Thuds, the Ridge, and 100 Missions North
How the Republic F-105 got good at a mission it was not designed to fly.
- By Carl Posey
- Air & Space magazine, March 2009
NATIONAL MUSEUM OF THE US AIR FORCE
(Page 6 of 8)
Enthusiasts then had a chance to go trolling for things to strafe with the Gatling gun. It took a while for everyone to see the folly of risking a multimillion-dollar airplane to whack a 10,000-ruble truck, or pitting the 20-mm Gatling against 57-mm artillery, or looking for dogfights. “A lot of people were lost who shouldn’t have been, screwing around with a MiG-17,” says Cooper. “We could depart from it faster than a missile could track, separating at the speed of light.”
That blazing speed made the Thud difficult to protect, says Brazelton. “One time they were thinking of sending F-4s on MiG escort. As we approached the target, we went a little faster, then a little faster. Pretty soon they couldn’t keep up with us. We were happier when the escorts stayed away. If there were any MiGs up there, there were plenty of -105 pilots eager to pull the trigger.”
Even with the disadvantages of the F-105’s weight and poor turning ability, when the smoke cleared, it was Thuds 27.5, MiGs 22, with 24.5 Thud victories credited to that fossil nose-mounted gun.
Going in or coming out, if someone got hit—and someone almost always did—the Thuds usually kept moving. “In 1966, when a guy got shot down, if he wasn’t picked up in the first 90 minutes, he wasn’t coming out,” says Rasimus.
“In PAK VI, if someone went down across the Red River, we’d continue on, but the wingman would stay with a crippled bird,” says Guild. “If someone went down on the way out, we would continue egress, try to get to him later.

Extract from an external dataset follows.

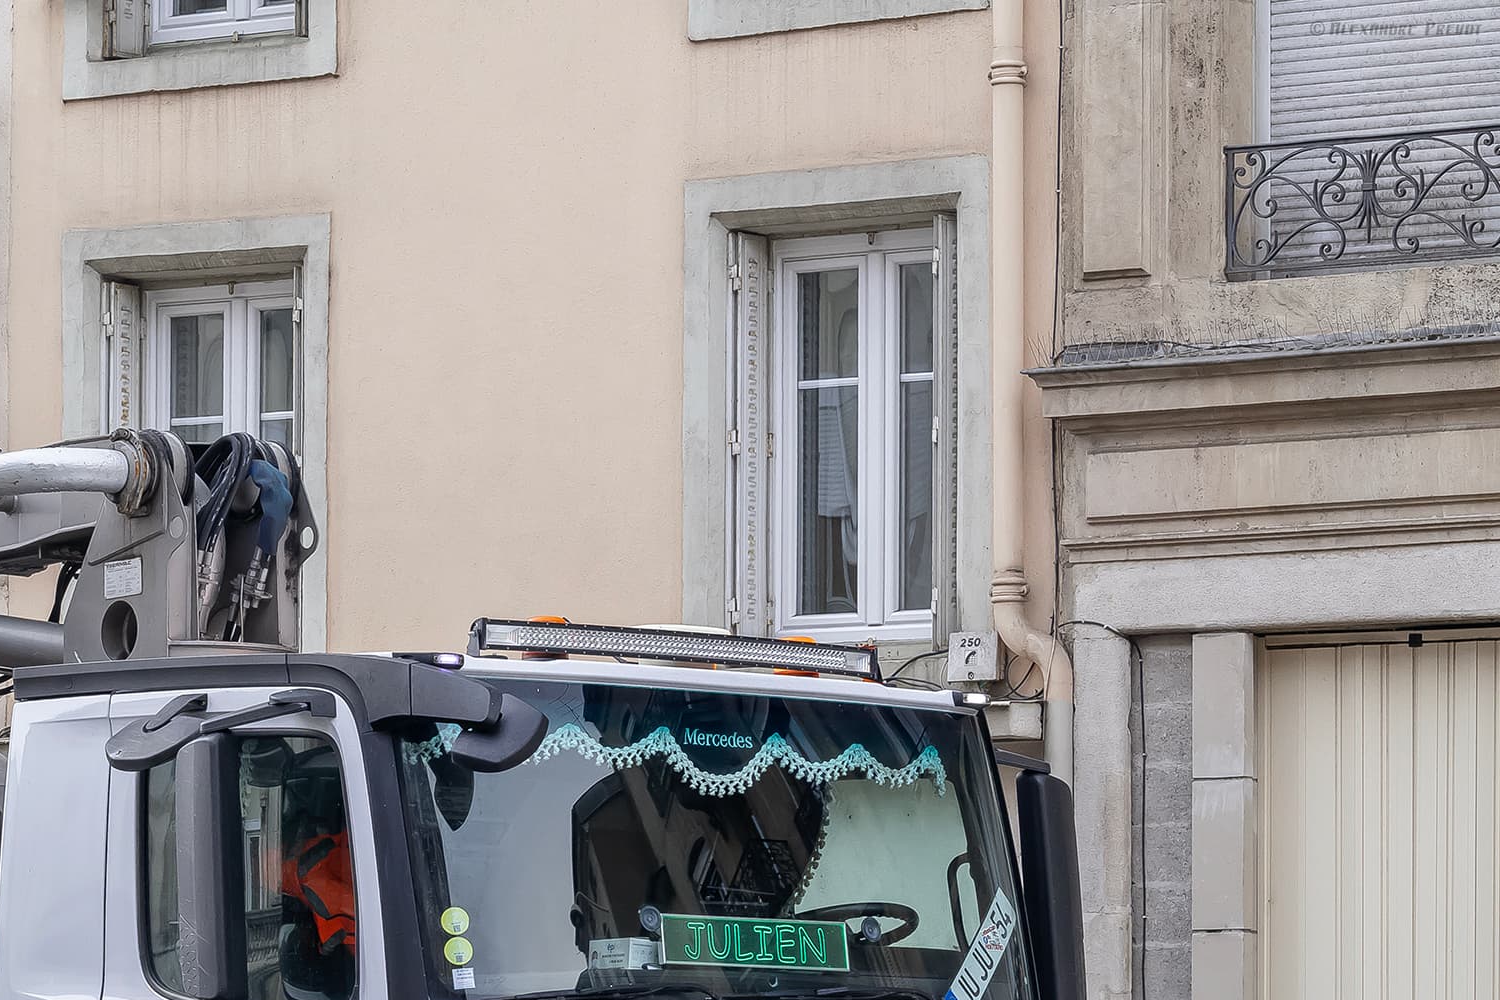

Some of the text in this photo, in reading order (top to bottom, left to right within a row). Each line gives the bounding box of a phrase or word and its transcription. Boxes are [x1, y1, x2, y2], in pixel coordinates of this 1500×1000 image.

[960, 637, 981, 648] 250
[683, 727, 754, 749] Mercedes
[684, 921, 827, 964] JULIEN

You don’t want to pinpoint the downed guy.”
Brazelton had almost finished his 100-mission tour when he got smoked. It was August 7, 1966, north of Hanoi. “I was dropping CBUs on a 120-mm anti-aircraft site,” he says. “A 57-mm must have hit me right in the belly. I rode it for a minute or so, told them I was ejecting. They couldn’t do anything, just too many guns. I didn’t ask them to.” (Brazelton spent the next six and a half years as a POW.)
Coming off the target, the F-105s stayed together and headed for the tankers. They took enough fuel to get back to base, where, some four hours after their takeoff, the afternoon shift was preparing the next charge against the Russian guns.
the 388th tactical Fighter Wing settled into Korat, the 355th into Takhli. As pilots and aircraft were lost at the rate of five or six a week, replacement air crews and aircraft flew in, the Yokota units to Takhli, Kadena units to Korat. Thud pilots from Europe also arrived.